Our life is what our thoughts make it.
Marcus Aurelius Antoninus

In order to shift their thinking, you need to really understand the experiences that have shaped them into the person they are today.

This is where understanding your client’s values and beliefs becomes your single most important exploration.

Amateur coaches create change. Master coaches transform.

When you help your clients understand their underlying values, and shift their beliefs, you make the invisible visible for them. You ensure that they can never go back to becoming the person they were before they started working with you.

And this is the hallmark of real transformation.

Before you can reframe your client’s values and beliefs, you need to understand how they are formed.

How Are Values And Beliefs Formed?

Understanding the human brain is fundamental to understanding your client’s thinking, behaviour, and decisions.

The brain changes continuously through the experiences we have. And our state of mind in a situation is a direct function of our life experiences. Everytime we experience something new, there are physical changes taking place in the brain – we either form new neural connections or generate new neurons. 

In the same way no two people have the same upbringing, nutrition, education, culture, and environment, no two people have the same beliefs, habits, values, and character.

Knowing this as a coach helps you understand why no two clients of yours will be the same, and why understanding their life experiences is critical.

It’s not just what happens to your client during an experience, but what they think happens.

We interpret our experiences and make choices that make us feel better. We perceive the world in a way that helps us survive in a certain situation.

If our brain recognizes that a certain perception of the world helps us interact with our environment and survive, it will continue to choose that over others. And every time our brain chooses that perception, the underlying neural pathway and connections grow stronger, thus strengthening it.

In this way, we continuously analyze what worked in the past as a way to predict what might work in the present or in the future. It’s this pattern of actions and consequences that forms our beliefs and guides our decisions.

What Is A Belief?

A belief is something that your client accepts as truth without enough proof or evidence. It is what your client thinks they ought to be.

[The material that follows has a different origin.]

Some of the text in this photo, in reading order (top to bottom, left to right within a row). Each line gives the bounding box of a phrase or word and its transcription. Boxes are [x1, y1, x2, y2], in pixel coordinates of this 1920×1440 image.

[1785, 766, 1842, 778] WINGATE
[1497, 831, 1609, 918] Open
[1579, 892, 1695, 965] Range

Their beliefs shape how they act, feel, and make meaning of the world around them.

The human brain is a “meaning-making machine” that is constantly forming new beliefs.

You make your beliefs and then your beliefs make you!

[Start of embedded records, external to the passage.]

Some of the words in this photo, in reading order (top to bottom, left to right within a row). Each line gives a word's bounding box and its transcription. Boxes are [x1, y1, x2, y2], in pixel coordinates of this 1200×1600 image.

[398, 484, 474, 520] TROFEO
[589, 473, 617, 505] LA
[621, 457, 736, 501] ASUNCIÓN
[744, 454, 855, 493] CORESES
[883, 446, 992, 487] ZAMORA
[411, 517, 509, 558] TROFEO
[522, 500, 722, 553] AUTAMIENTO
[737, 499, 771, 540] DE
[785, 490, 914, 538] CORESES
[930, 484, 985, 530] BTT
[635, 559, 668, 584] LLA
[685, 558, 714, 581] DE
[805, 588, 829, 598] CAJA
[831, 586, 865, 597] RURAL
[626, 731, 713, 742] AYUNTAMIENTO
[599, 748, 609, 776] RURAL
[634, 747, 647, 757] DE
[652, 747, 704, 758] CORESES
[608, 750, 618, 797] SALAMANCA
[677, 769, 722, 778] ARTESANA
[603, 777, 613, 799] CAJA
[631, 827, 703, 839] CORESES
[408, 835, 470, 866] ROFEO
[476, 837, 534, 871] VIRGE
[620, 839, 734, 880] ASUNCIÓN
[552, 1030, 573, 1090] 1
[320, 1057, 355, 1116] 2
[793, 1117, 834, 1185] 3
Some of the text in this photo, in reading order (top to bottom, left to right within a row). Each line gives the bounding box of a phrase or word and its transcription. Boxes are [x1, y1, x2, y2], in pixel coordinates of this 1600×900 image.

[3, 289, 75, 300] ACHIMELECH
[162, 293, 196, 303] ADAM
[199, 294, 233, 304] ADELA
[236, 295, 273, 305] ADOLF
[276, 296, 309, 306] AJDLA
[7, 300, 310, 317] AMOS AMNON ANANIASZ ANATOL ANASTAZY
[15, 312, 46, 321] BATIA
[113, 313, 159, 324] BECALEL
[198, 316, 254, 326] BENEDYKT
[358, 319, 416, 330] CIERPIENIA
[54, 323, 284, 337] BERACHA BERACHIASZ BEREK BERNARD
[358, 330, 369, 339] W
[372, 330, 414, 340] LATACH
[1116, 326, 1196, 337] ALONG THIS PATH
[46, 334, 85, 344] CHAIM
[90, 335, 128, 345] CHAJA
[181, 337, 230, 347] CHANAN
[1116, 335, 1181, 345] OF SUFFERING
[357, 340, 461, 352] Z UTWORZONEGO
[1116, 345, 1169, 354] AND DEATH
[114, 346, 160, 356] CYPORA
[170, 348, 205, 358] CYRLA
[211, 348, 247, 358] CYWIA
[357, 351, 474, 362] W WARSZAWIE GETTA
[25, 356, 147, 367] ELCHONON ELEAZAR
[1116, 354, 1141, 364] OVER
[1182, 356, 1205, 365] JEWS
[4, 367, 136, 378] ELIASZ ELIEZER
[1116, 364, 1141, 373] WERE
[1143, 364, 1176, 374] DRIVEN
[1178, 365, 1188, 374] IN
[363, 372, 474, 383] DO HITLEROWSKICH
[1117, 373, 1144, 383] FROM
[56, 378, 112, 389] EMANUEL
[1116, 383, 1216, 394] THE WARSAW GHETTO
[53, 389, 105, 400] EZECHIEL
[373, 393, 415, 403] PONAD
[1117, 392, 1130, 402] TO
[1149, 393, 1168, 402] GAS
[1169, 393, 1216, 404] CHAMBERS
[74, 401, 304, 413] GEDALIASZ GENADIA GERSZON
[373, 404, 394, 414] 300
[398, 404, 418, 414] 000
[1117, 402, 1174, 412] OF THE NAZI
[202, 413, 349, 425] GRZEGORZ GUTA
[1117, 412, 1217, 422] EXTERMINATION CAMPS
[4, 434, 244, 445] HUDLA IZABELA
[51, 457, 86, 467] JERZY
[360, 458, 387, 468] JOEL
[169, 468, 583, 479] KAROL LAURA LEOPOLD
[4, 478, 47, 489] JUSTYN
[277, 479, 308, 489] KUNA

We consciously or unconsciously adopt most of our beliefs in our childhood, from our parents, friends, family, and culture. Since most of them are formed during our formative years, we hardly understand them. And we spend most of our lives trying to find experiences that validate these beliefs.

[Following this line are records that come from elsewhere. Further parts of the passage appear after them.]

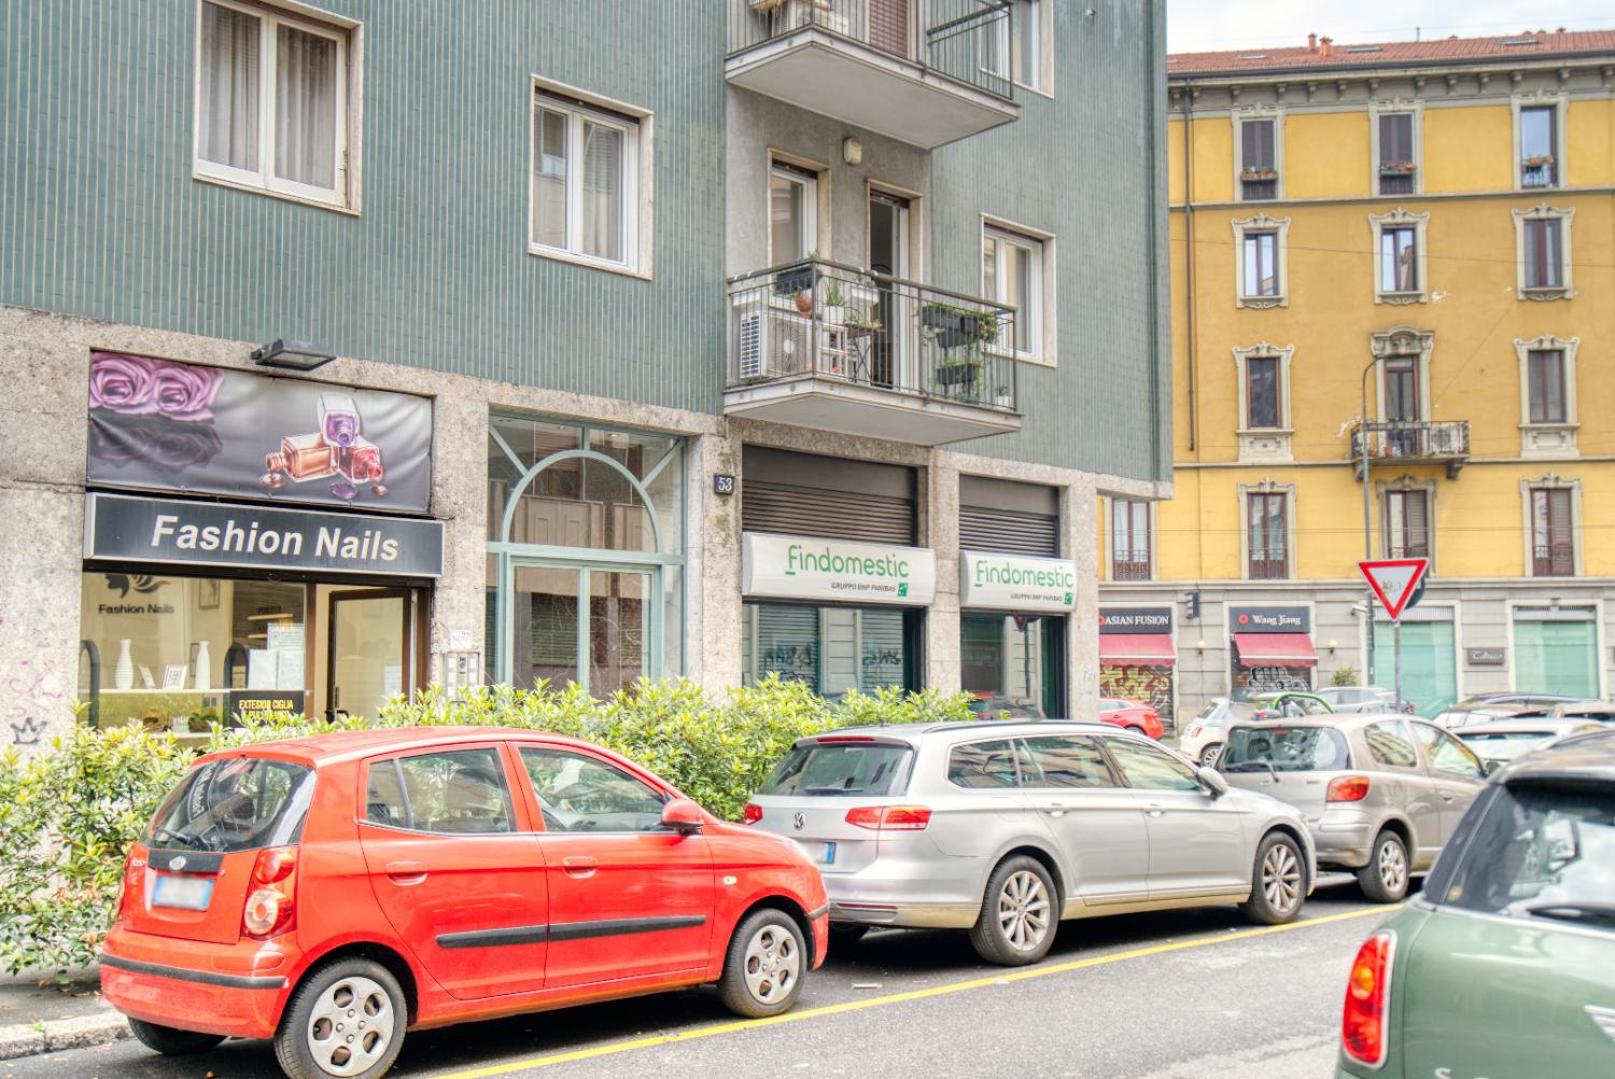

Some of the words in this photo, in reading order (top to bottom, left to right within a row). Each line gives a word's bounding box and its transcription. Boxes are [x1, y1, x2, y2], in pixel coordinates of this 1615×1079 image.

[718, 476, 732, 491] 53
[151, 514, 303, 556] Fashion
[315, 526, 399, 561] Nails
[785, 544, 909, 578] findomestic
[974, 559, 1074, 588] findomestic
[831, 582, 857, 590] GRUPPO
[871, 584, 896, 592] PARIBAS
[98, 604, 145, 614] Fashion
[147, 603, 175, 614] Nails
[1105, 615, 1133, 625] ASIAN
[1134, 615, 1169, 625] FUSION
[1252, 614, 1278, 626] Wang
[1278, 614, 1301, 626] Jiang

Your primary job as a coach is to dig deeper – to help your client understand how their behaviour stems from a deep rooted belief they hold about something.

Beliefs Can Help Your Clients Or Hurt Them

Although beliefs are designed to keep us safe, not all drive us towards success.

Beliefs are primarily of two kinds:

Limiting Beliefs – These beliefs hold your clients back from expressing themselves fully.

For example: As a kid, your client saw his parents struggling with money. They both worked for many hours a day with no results. As a grown up, he might form a belief that no matter how hard he works, he will always struggle with money.

Another limiting belief that often holds people back is that I’m not good enough.

Empowering Beliefs – These beliefs help your clients live to their fullest potential.

For example: Your client’s father might have been very authoritative, raising his voice every time she tried to contribute with an opinion. She formed a belief that “opinions matter” – and so as an entrepreneur she would always allow her employees to express their opinion candidly without holding back.

Helping your clients identify their limiting beliefs and replacing them with more empowering beliefs, is one of the most powerful things you can do as a coach.

Remember, beliefs are not factual truths. It is your client’s version of a truth based on an experience they’ve had.

3-Step Process To Embed A New Belief (IRE)

1. I – Identify where the belief was born

Awareness is often the first step to change. When you help your clients identify a certain pattern of thinking that is holding them back, you create awareness in their mind. When you challenge their belief, you show them a new possibility. When you further explore where this pattern of thinking was originally born – from their parents, their environment or a childhood experience, etc, you deepen their awareness.

2. R – Reframe the belief to make the unfamiliar, familiar

Once you have created awareness, your next goal is to reframe your clients’ limiting belief to an empowering one. Now, our brain likes security and things that are familiar. Which is why your clients will procrastinate to break out of their current belief. This is where you can support them to break out of their comfort zone by making their challenges familiar – through powerful self affirmations, shifting their environment, or through repetitive action.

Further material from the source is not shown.